Saw a post about people putting a Tom overlay on top of their WIP sketch to prevent AI theft from stealing their sketches. Though the method doesn’t seem to be useful. When you need to show your sketches, you will need to reduce the opacity of the overlay so that the sketches lines are more prominent than the overlay. Stable Diffusion with control net can easily recognise the lineart thus the sketch will be translated to whatever content the prompter intended.
There was this comment that suggested to “glaze” the images before uploading. This sparked my interest in Glaze, a counter generative AI tool that messes up your image and prevent the algorithm from studying the subject.
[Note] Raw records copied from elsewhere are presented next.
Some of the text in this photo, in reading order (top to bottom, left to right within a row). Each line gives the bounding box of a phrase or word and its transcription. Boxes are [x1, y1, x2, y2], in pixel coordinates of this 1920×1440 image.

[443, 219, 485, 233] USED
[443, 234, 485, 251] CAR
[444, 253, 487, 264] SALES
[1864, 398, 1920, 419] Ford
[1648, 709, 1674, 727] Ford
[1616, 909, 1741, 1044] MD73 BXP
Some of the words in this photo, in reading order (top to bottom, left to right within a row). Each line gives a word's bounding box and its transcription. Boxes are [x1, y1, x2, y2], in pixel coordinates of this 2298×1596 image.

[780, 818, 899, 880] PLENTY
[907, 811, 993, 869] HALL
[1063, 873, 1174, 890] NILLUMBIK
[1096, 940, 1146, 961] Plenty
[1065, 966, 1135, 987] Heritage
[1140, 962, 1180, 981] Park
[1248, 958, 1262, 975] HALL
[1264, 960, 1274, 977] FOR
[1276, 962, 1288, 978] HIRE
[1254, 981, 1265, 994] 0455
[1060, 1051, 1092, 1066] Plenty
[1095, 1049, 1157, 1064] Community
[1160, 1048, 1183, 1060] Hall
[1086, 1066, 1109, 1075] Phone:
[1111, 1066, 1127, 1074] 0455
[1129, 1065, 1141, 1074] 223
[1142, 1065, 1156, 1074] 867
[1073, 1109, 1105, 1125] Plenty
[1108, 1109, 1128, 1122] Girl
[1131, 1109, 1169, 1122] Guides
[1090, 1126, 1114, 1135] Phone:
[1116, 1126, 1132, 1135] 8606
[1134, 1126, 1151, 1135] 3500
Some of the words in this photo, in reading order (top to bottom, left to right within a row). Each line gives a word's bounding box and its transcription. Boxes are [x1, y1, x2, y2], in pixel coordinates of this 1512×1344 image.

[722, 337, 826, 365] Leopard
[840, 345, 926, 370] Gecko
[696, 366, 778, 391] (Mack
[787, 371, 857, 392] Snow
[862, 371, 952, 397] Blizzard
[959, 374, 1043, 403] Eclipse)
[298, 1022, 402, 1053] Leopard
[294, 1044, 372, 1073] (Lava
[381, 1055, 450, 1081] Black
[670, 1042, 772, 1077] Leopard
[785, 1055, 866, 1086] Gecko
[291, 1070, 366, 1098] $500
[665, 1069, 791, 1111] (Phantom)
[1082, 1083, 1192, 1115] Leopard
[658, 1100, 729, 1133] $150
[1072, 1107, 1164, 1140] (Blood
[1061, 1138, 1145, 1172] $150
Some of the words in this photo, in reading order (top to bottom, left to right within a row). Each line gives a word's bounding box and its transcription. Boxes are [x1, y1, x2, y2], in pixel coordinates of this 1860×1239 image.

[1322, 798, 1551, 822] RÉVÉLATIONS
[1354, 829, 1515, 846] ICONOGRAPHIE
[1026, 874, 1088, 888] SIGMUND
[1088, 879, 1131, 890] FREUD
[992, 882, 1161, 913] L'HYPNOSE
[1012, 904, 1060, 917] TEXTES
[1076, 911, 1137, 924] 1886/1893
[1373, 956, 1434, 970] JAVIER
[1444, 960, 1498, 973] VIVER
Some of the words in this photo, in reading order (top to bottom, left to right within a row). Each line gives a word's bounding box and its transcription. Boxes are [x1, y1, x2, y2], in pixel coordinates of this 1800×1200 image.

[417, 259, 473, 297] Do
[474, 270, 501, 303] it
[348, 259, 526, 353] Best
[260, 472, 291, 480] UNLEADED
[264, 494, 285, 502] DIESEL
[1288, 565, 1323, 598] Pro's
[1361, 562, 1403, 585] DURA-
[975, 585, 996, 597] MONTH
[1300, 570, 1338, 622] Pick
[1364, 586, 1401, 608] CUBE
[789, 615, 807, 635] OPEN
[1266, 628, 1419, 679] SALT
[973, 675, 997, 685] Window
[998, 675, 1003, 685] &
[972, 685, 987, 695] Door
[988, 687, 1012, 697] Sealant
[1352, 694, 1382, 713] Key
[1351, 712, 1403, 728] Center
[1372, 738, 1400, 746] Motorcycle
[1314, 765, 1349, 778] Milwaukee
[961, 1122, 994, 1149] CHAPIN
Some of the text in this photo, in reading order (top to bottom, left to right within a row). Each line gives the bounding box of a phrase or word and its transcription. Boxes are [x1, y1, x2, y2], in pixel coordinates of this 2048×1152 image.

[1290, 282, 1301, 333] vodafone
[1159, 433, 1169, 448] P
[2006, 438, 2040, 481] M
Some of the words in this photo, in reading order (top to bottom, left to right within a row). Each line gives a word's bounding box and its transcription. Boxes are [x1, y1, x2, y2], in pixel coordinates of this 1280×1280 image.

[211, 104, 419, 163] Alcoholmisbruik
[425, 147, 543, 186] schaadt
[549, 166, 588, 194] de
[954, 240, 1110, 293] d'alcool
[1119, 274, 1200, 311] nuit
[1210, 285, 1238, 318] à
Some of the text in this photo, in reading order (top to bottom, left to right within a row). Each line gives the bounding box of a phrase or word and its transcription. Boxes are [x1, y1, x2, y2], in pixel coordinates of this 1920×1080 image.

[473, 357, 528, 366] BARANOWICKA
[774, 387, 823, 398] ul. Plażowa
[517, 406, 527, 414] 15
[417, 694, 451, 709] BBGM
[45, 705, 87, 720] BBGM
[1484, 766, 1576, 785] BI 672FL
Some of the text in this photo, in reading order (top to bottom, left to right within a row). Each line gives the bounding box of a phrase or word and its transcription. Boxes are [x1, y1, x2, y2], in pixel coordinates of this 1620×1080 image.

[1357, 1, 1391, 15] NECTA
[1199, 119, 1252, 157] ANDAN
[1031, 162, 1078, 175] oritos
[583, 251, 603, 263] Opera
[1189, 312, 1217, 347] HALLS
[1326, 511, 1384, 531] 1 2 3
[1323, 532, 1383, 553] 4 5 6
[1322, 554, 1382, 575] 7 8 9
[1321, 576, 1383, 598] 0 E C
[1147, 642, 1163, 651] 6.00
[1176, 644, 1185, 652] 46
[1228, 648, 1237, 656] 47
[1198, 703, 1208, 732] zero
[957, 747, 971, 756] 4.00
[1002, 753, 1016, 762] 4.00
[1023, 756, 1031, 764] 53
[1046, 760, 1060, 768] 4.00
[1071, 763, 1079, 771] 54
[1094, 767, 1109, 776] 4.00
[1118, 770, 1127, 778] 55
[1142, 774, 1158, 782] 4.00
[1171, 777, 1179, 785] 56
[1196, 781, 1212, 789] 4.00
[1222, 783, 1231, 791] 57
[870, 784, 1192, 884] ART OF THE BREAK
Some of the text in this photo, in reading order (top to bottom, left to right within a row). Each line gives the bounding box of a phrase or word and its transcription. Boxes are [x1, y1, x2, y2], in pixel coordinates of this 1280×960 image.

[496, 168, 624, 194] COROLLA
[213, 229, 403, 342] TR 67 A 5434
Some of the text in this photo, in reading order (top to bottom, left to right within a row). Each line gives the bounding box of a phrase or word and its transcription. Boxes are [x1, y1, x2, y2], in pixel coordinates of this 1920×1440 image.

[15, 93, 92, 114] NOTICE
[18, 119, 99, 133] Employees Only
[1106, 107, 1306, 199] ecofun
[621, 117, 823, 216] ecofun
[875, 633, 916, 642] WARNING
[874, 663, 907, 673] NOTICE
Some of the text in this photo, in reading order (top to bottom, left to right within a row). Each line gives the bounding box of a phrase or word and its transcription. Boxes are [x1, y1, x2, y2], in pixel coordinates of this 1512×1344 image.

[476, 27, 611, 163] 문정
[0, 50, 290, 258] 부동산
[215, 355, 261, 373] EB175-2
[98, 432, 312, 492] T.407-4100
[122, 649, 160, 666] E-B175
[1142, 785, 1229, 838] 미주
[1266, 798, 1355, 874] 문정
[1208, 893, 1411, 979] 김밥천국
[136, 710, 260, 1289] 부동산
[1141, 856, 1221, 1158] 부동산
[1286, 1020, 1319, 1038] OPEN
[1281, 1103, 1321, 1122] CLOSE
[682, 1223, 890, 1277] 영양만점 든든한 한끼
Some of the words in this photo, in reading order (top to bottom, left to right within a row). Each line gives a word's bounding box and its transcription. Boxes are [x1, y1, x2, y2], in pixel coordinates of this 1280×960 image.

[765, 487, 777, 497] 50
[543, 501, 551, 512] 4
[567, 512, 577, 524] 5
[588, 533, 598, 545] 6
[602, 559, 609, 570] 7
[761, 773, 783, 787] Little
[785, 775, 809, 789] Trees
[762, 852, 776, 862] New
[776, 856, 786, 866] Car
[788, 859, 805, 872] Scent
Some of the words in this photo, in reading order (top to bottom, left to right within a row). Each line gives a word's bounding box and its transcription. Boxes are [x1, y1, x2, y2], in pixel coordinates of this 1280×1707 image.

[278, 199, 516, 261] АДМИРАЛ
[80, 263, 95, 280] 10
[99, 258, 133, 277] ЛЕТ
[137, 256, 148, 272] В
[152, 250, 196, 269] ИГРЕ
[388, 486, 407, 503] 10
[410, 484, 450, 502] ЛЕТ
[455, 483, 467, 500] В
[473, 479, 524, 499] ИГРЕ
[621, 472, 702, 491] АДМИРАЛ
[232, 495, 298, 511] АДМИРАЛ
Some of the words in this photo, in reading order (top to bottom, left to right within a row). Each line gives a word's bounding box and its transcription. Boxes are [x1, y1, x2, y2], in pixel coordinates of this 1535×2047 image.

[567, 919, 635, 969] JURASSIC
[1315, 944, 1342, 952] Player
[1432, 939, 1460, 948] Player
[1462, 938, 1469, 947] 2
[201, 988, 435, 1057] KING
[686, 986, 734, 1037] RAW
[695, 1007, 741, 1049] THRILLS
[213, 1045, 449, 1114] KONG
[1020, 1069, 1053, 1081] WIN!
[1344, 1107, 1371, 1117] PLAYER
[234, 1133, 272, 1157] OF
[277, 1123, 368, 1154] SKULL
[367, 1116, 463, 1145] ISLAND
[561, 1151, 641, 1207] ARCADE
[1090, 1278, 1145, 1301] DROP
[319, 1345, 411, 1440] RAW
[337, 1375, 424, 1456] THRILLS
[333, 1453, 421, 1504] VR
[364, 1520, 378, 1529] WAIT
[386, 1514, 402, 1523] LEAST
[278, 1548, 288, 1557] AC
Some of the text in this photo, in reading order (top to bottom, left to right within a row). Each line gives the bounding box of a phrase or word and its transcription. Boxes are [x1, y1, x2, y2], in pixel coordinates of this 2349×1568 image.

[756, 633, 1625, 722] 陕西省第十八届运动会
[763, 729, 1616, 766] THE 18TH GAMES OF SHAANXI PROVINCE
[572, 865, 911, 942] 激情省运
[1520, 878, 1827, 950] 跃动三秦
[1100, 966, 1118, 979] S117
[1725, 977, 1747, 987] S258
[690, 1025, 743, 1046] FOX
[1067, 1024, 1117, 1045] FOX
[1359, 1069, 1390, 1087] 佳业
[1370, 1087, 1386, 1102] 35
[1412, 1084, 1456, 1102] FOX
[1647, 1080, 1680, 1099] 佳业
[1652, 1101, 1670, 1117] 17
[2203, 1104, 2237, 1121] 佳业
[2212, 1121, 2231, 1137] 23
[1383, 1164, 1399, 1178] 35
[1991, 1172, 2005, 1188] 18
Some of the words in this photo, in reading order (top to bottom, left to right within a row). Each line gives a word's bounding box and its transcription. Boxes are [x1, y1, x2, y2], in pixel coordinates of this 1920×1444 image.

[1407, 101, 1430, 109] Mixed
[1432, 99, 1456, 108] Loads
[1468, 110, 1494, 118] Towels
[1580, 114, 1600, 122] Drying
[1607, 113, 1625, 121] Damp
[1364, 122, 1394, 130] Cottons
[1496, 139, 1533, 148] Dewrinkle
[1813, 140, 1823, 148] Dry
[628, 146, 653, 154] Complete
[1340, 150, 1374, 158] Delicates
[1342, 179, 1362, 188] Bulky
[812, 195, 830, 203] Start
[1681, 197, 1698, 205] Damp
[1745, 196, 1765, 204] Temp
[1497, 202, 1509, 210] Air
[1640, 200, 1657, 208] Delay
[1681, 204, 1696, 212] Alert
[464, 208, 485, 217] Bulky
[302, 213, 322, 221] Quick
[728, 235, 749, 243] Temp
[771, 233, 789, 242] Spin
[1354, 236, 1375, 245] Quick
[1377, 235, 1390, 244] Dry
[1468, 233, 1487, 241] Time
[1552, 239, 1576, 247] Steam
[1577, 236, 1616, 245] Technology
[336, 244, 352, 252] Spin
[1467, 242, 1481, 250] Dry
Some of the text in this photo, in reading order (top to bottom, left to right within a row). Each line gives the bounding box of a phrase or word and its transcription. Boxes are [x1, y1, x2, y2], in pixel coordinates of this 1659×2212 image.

I always have doubt whether Glaze can really protect the artist work, so I tested the software.
The general idea is that, images will be sent into Glaze AI algorithm, through various setting it will “mess” up the input images, at a compensation of the input image quality. The image will have some noise and distortion overlay on top. Glaze claimed that these noises can mess up the learning algorithm. Though most existing generative AI model were trained with non-glaze images, and I don’t know how many new images online were really glazed through this software.
In this context, I am more interested to know if glaze can protect a sketch from StableDiffusion’s Control-Net. I did a simple test on one of my sketches.
Glaze did add some noise to the image, however these noises (even on highest setting with longest render) were insufficient to prevent ControlNet from reading the sketches. ControlNet is still capable of getting the major shape out from the sketch and generate an image from it. Though the noise from Glaze does significantly affect the generation.
Glaze might have protected Artist’s work from AI training, but when ControlNet was used, the protection is less.